Fin qui, nulla quaestio. Non vi è dubbio, infatti, che il possesso – effettivo ed attuale – dello status di magistrato nell’esercizio delle funzioni sia una condizione di eleggibilità o, se si preferisce un requisito indefettibile per la capacità elettorale passiva e ciò in coerenza con l’art. 104 della carta costituzionale, che prevede l’elezione di due terzi dei componenti del Consiglio Superiore da parte di tutti i magistrati ordinari «tra gli appartenenti alle varie categorie».
In nessun modo è dato tuttavia ricavare dal requisito di eleggibilità una decadenza non prevista dalla legge istitutiva del Consiglio Superiore né tantomeno dalla Costituzione che, anzi, per quanto detto sopra, espressamente la esclude.

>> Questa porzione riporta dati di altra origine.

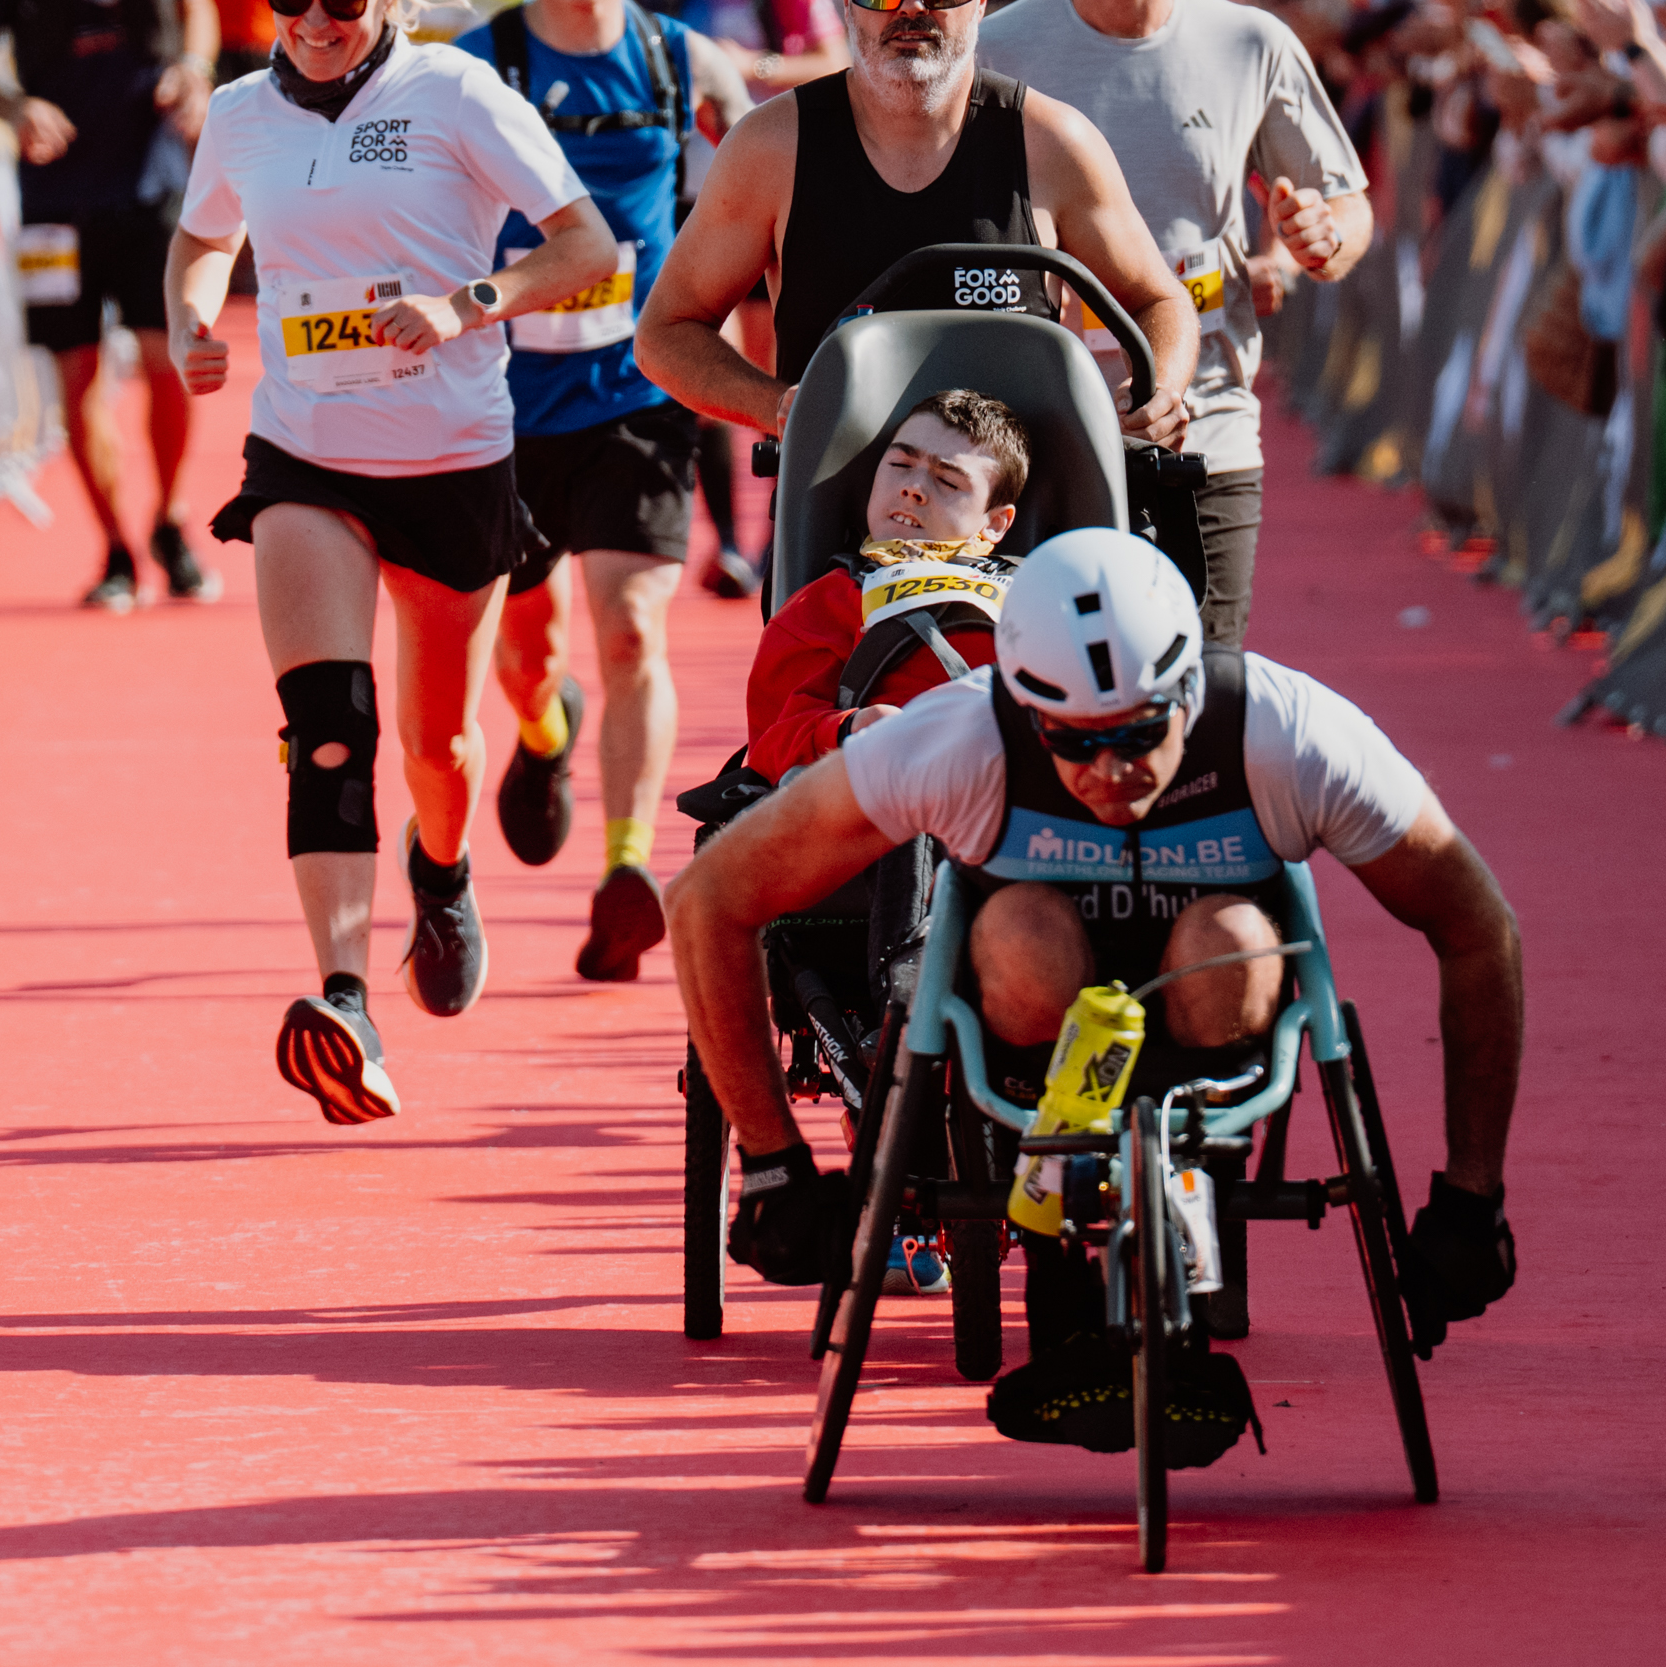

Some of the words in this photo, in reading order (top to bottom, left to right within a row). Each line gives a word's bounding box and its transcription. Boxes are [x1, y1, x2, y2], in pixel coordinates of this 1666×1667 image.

D’altra parte, se si guarda alla disciplina della decadenza, contenuta nell’art. 37 della legge n. 195 del 24 marzo 1958, che prevede anche i casi di sospensione dalla carica di componente del Consiglio, è facile constatare che le ipotesi elencate non contemplano il congedo del magistrato.
Il primo caso riguarda, indistintamente, tutti i componenti del CSM i quali «decadono di diritto dalla carica se sono condannati con sentenza irrevocabile per delitto non colposo».

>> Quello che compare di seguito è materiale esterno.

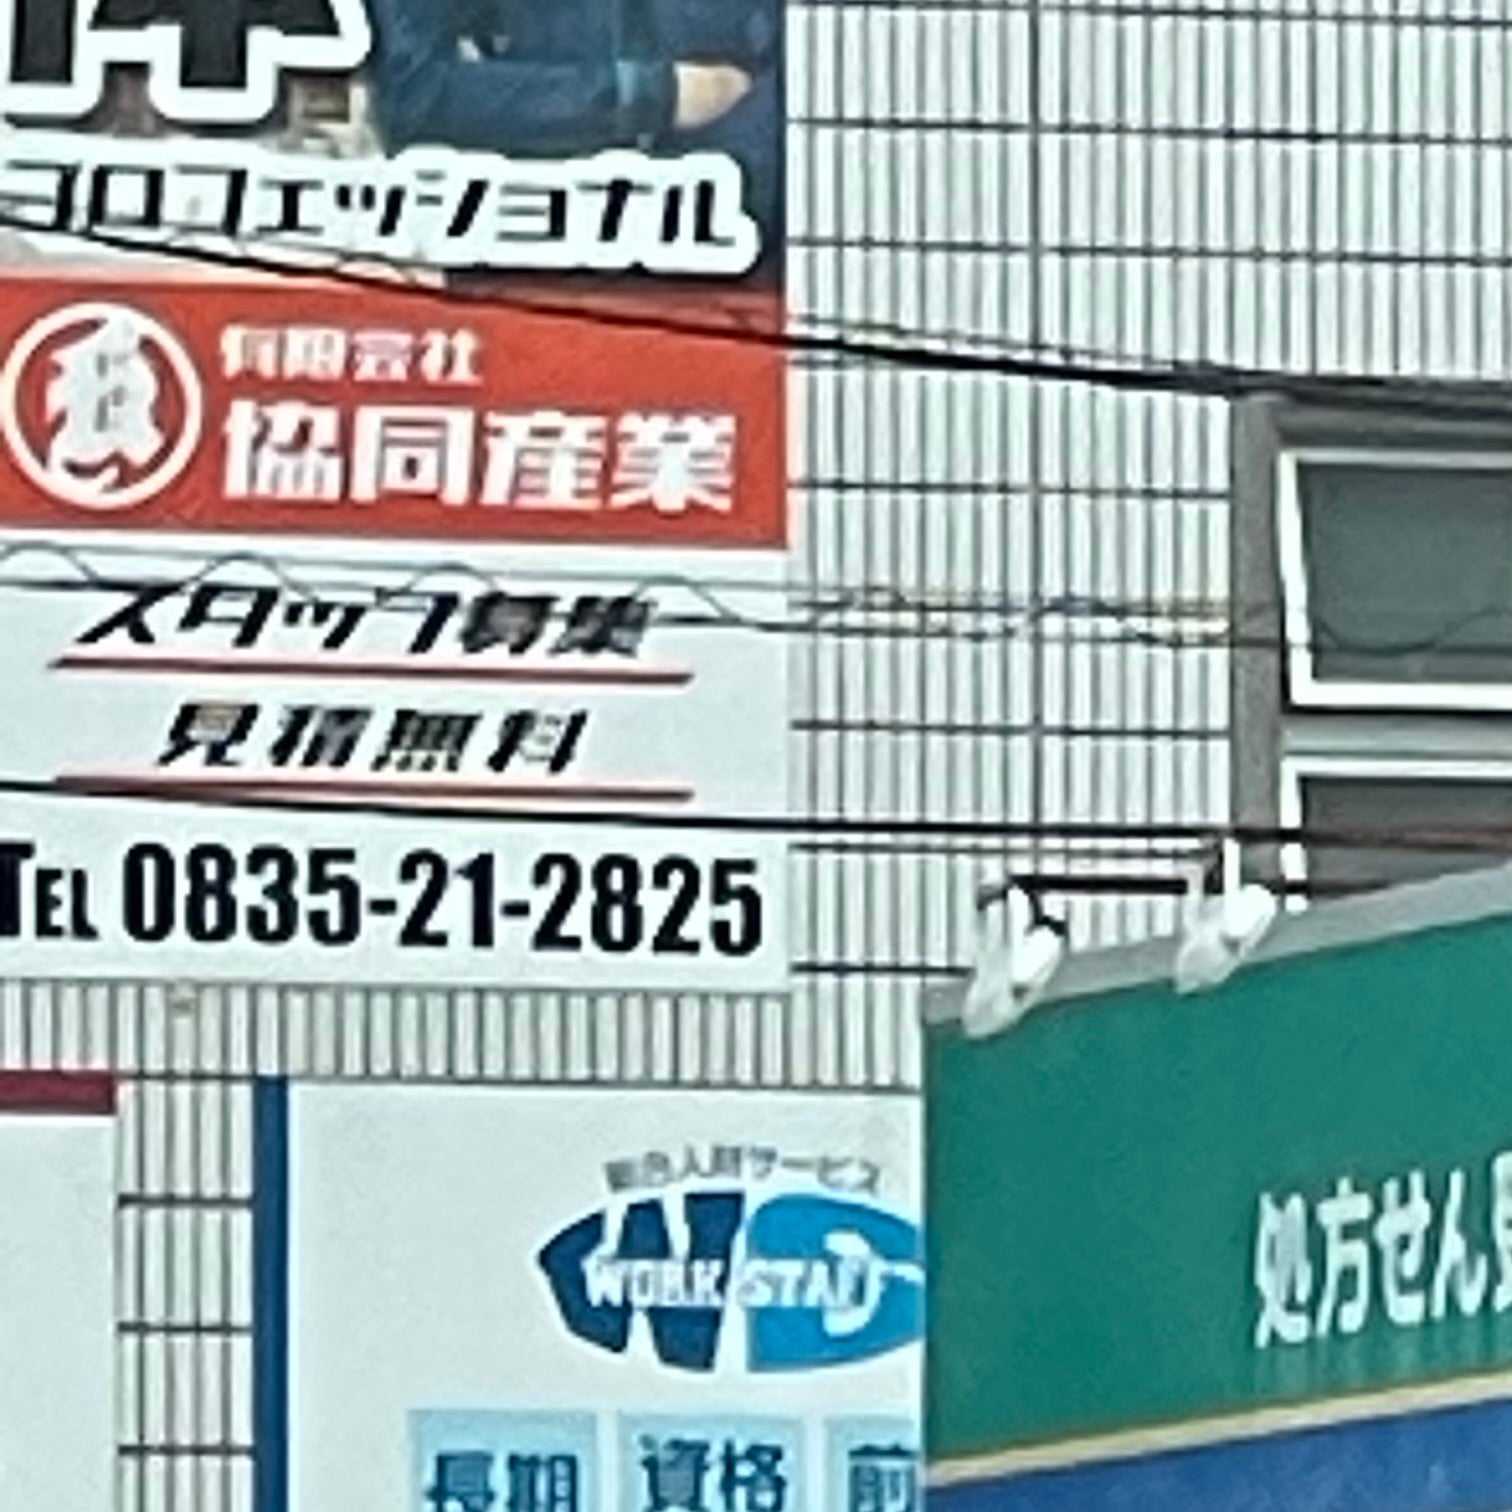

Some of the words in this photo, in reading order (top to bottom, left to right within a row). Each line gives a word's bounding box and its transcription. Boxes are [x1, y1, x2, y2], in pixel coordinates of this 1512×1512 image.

[221, 400, 739, 512] 協同産業
[76, 585, 662, 658] スタッフ募集
[157, 702, 590, 775] 見積無料
[122, 842, 764, 956] 0835-21-2825
[580, 1258, 724, 1309] WORK
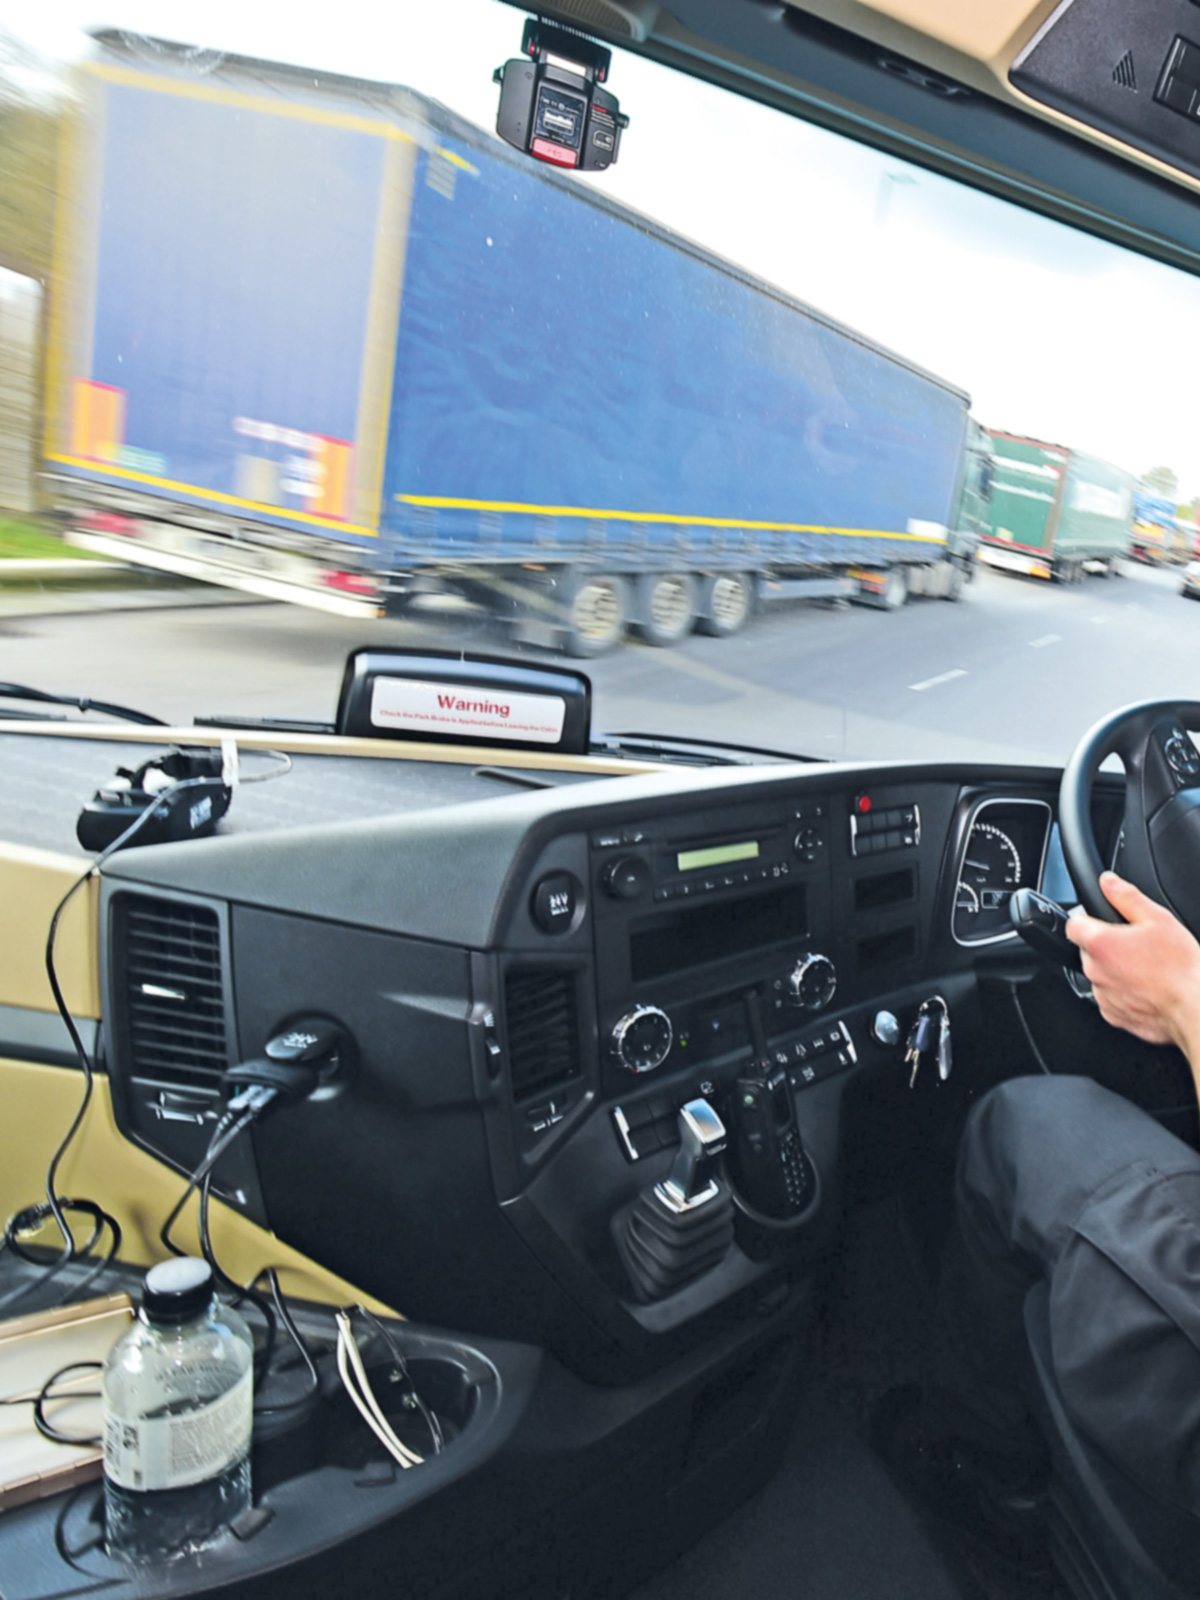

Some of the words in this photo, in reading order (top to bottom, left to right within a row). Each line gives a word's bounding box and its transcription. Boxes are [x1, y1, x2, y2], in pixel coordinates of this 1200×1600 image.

[437, 694, 510, 718] Warning
[458, 718, 482, 726] Applied
[504, 723, 528, 731] Leaving

Il secondo si riferisce esclusivamente ai «magistrati componenti il Consiglio Superiore», i quali «incorrono di diritto nella decadenza dalla carica se riportano una sanzione disciplinare più grave dell’ammonimento».
Infine, il terzo, ha riguardo ai soli componenti eletti dal Parlamento, per i quali «nei casi di proscioglimento per una causa estintiva del reato, ovvero per impromovibilità o imperseguibilità dell'azione penale» il Presidente del Consiglio superiore dà comunicazione ai Presidenti delle due Camere, le quali decidono se debba farsi luogo a sostituzione.

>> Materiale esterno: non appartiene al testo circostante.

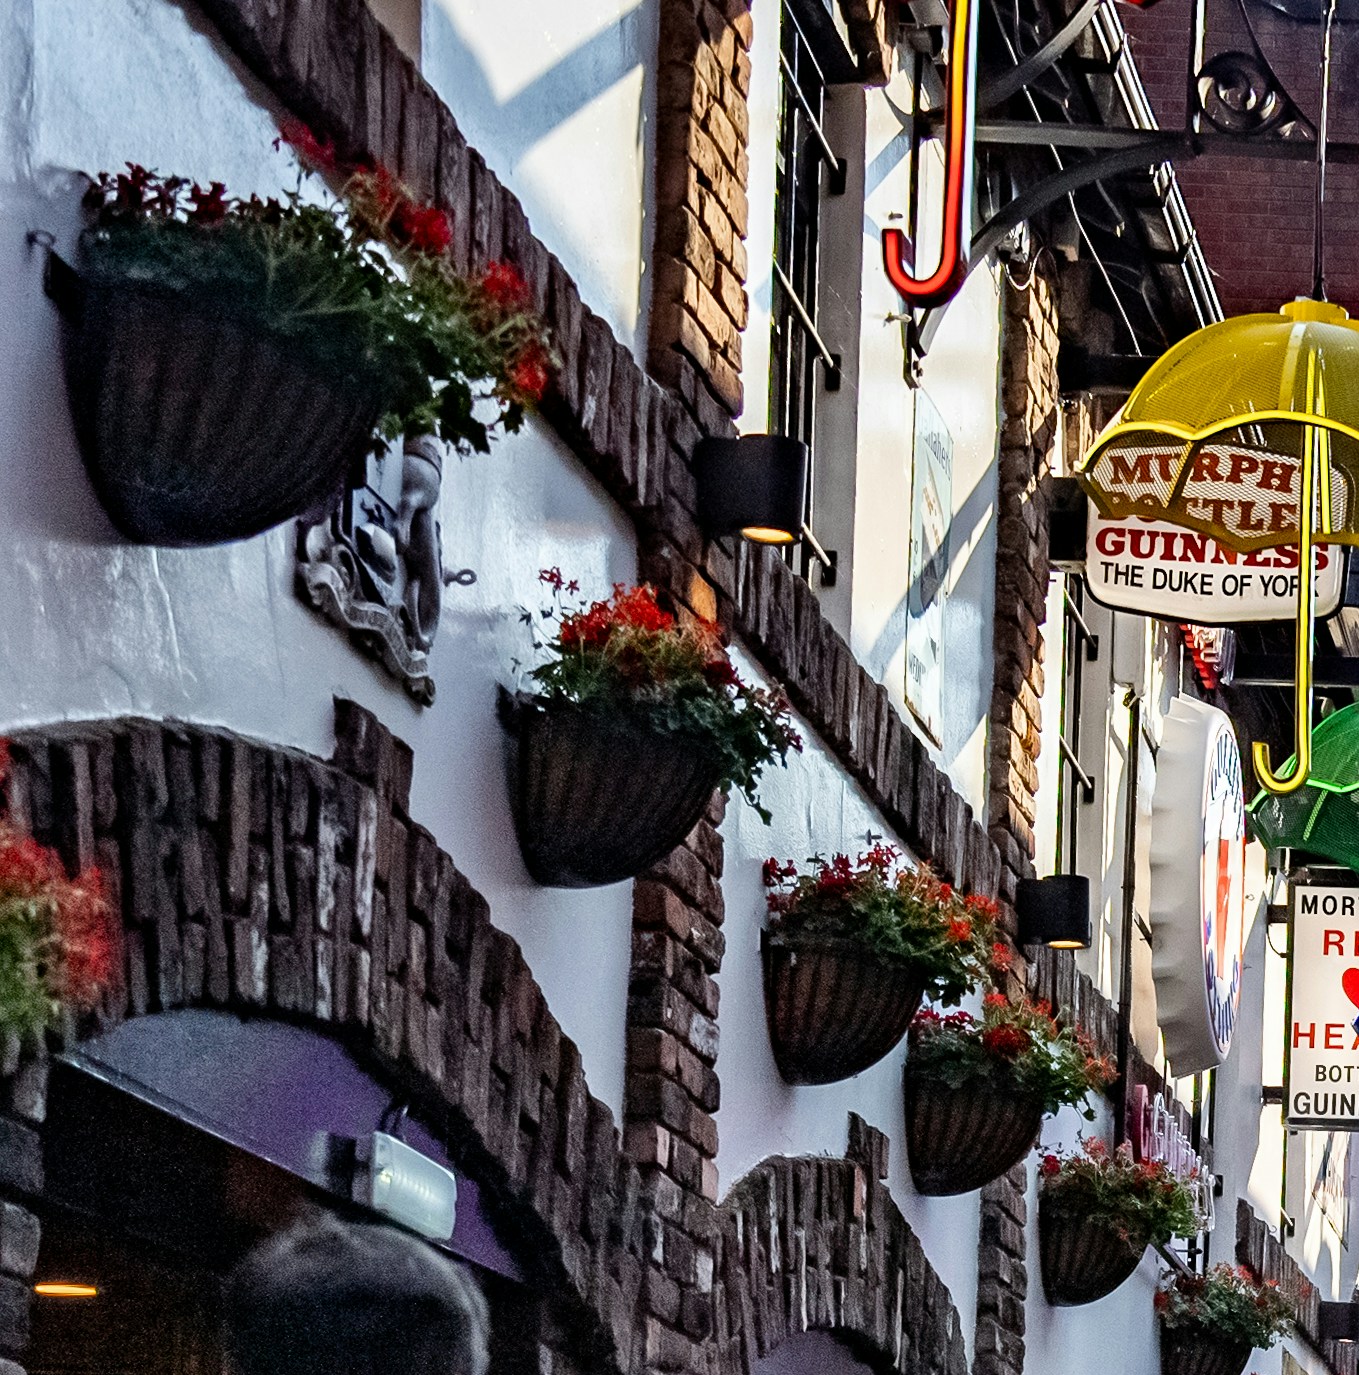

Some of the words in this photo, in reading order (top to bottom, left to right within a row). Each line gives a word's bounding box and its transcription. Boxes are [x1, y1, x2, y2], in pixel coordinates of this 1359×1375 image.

[1101, 562, 1143, 588] THE
[1153, 568, 1213, 595] DUKE
[1222, 575, 1252, 596] OF

«Nessun esplicito riferimento è fatto al caso in cui il componente togato eletto al Consiglio superiore cessi dalla sua funzione di magistrato, per qualsiasi causa, sia essa determinata dalle dimissioni volontarie, o per raggiunti limiti di età, con il conseguente collocamento in stato di quiescenza»[7], eppure, si fa notare «questa eventualità, lungi dal non essere elencata dall’art. 37 nelle cause di decadenza perché improduttiva di tali effetti, pare piuttosto non espressamente nominata perché l’appartenenza al corpo della magistratura costituisce il presupposto indefettibile, o se si preferisce una precondizione, per continuare ad esercitare le proprie funzioni di rappresentanza in seno al Consiglio superiore»[8]…pare, ma non è: la Costituzione lo esclude e, a guardar bene, poiché le parole tradiscono il pensiero e tanto più lo tradiscono le parole scritte, quando si scrive di «appartenenza al corpo della magistratura» quale presupposto indefettibile per continuare a far parte del Consiglio Superiore, si ha in mente – evidentemente – un organo rappresentativo della corporazione dei magistrati: proprio quello che la Costituzione non vuole.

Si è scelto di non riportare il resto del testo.